Asymptotic patterns and singular limits in nonlinear evolution problems

非线性演化问题中的渐近模式和奇异极限

• 批准号: EP/Z000394/1
• 负责人: Manuel Del Pino
• 金额: $ 197.71万
• 依托单位: University of Bath
• 依托单位国家: 英国
• 项目类别: Research Grant
• 财政年份: 2024
• 资助国家: 英国
• 起止时间: 2024 至 无数据
• 项目状态: 未结题
• 来源: https://gtr.ukri.org/projects?ref=EP%2FZ000394%2F1
• 关键词: Asymptotic; patterns; singular; limits; nonlinear

For centuries, partial differential equations (PDE) have played an important role in science and engineering by constructing solutions and analysing features with sufficient accuracy to explain the phenomena under consideration. In many cases, the theory is up to that task, but more recently it has been challenged to account for increasingly subtle nonlinear natural phenomena. When parameters of the model, or time, approach critical values, regular solutions of the associated PDE may begin to concentrate at lower dimensional regions, eventually blowing up. Finding solutions with interesting asymptotic patterns or singularities, the topic of this proposal, is often a difficult problem. In recent years, we have developed gluing techniques to achieve this in classical problems in elliptic and parabolic equations. In incompressible fluids, many fundamental phenomena have not been mathematically justied, and we believe that gluing methods can lead to the unveiling of striking features. We will focus on four topics in the concentration-singularity formation challenge. We propose to elucidate fundamental laws on the dynamics of vortex laments of the Euler equations, building true solutions in agreement with them. In particular, we want to establish the 1904 Da Rios "vortex filament conjecture" and 1858 Helmholtz leapfrogging law for vortex rings. In the classical 2d water wave problem with constant vorticity, we propose to build overhanging travelling waves through a mechanism similar to desingularization in CMC surfaces. We also propose the analysis of long-term vortex and sharp-fronts interaction-evolution and associated blow-up scenarios, including type II blow-up solutions in the Keller-Segel chemotaxis system.

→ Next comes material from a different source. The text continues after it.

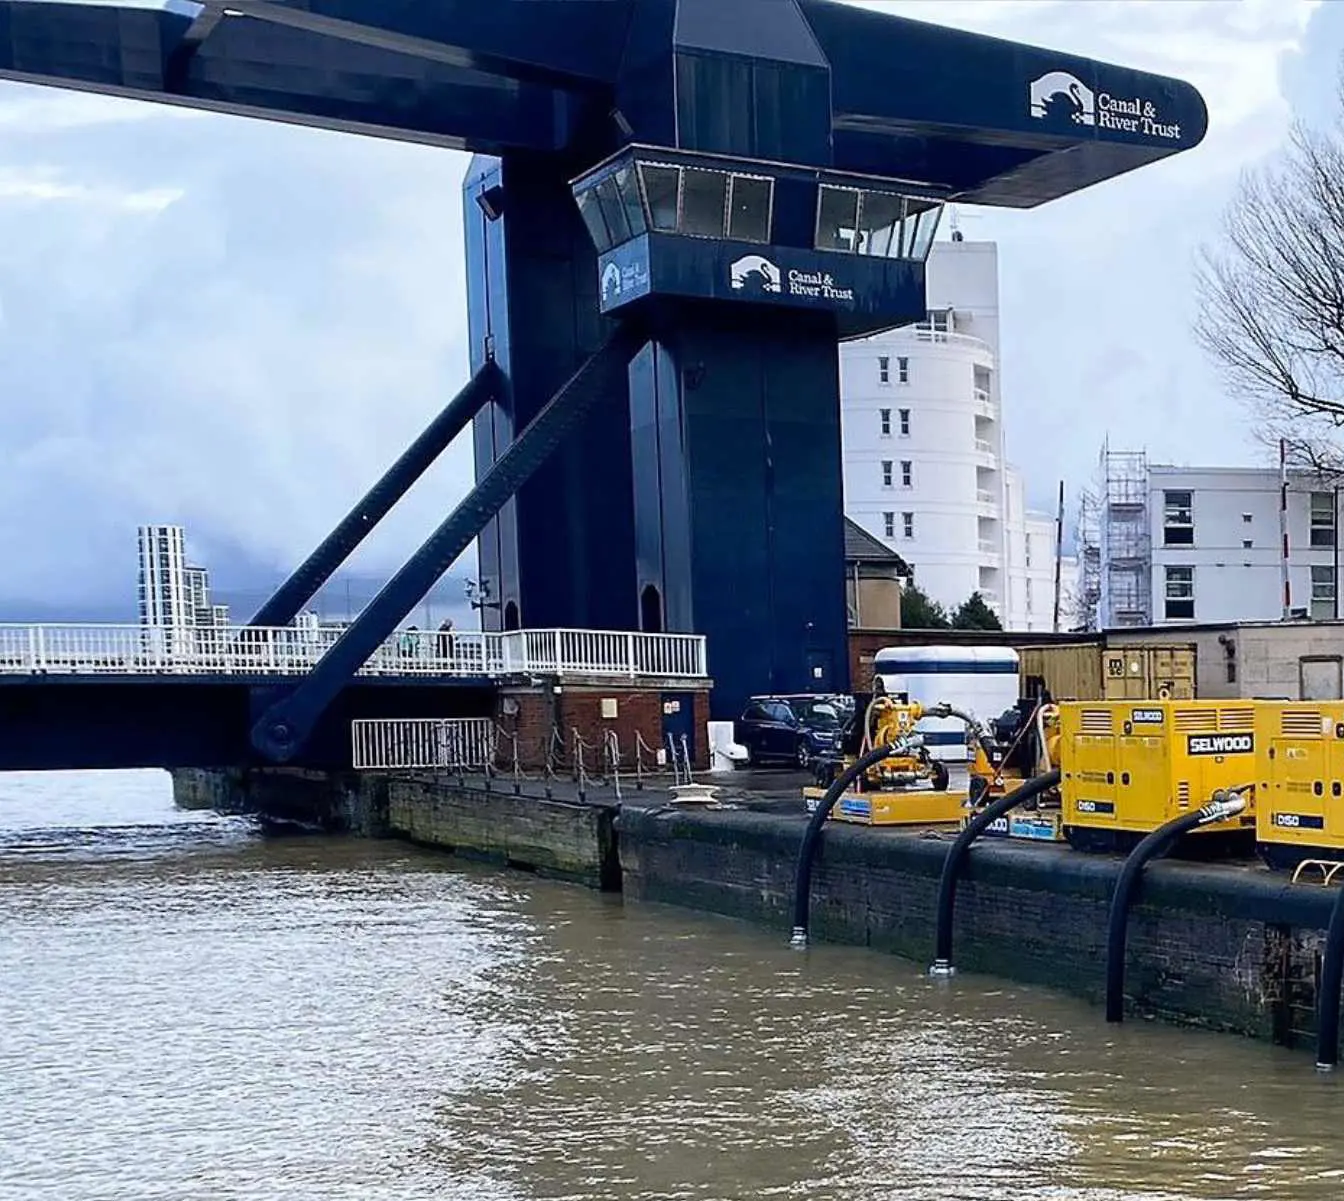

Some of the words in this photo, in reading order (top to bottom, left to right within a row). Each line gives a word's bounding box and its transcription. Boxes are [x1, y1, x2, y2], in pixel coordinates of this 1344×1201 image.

几个世纪以来，偏微分方程 (PDE) 通过以足够的精度构建解决方案和分析特征来解释所考虑的现象，在科学和工程领域发挥着重要作用。在许多情况下，该理论能够胜任这项任务，但最近它受到了解释日益微妙的非线性自然现象的挑战。当模型的参数或时间接近临界值时，相关偏微分方程的常规解可能开始集中在较低维区域，最终爆炸。寻找具有有趣的渐近模式或奇点的解决方案（本提案的主题）通常是一个难题。近年来，我们开发了粘合技术来解决椭圆方程和抛物线方程的经典问题。在不可压缩流体中，许多基本现象尚未在数学上得到证明，我们相信粘合方法可以揭示显着的特征。我们将重点关注集中奇点形成挑战中的四个主题。我们建议阐明欧拉方程涡流动力学的基本定律，并建立与其一致的真实解。特别是，我们想建立1904年达里奥斯的“涡丝猜想”和1858年涡环的亥姆霍兹蛙跳定律。在具有恒定涡度的经典二维水波问题中，我们建议通过类似于 CMC 表面去奇异化的机制来构建悬垂行波。我们还提出了对长期涡流和锐锋相互作用演化以及相关爆炸场景的分析，包括 Keller-Segel 趋化系统中的 II 型爆炸解决方案。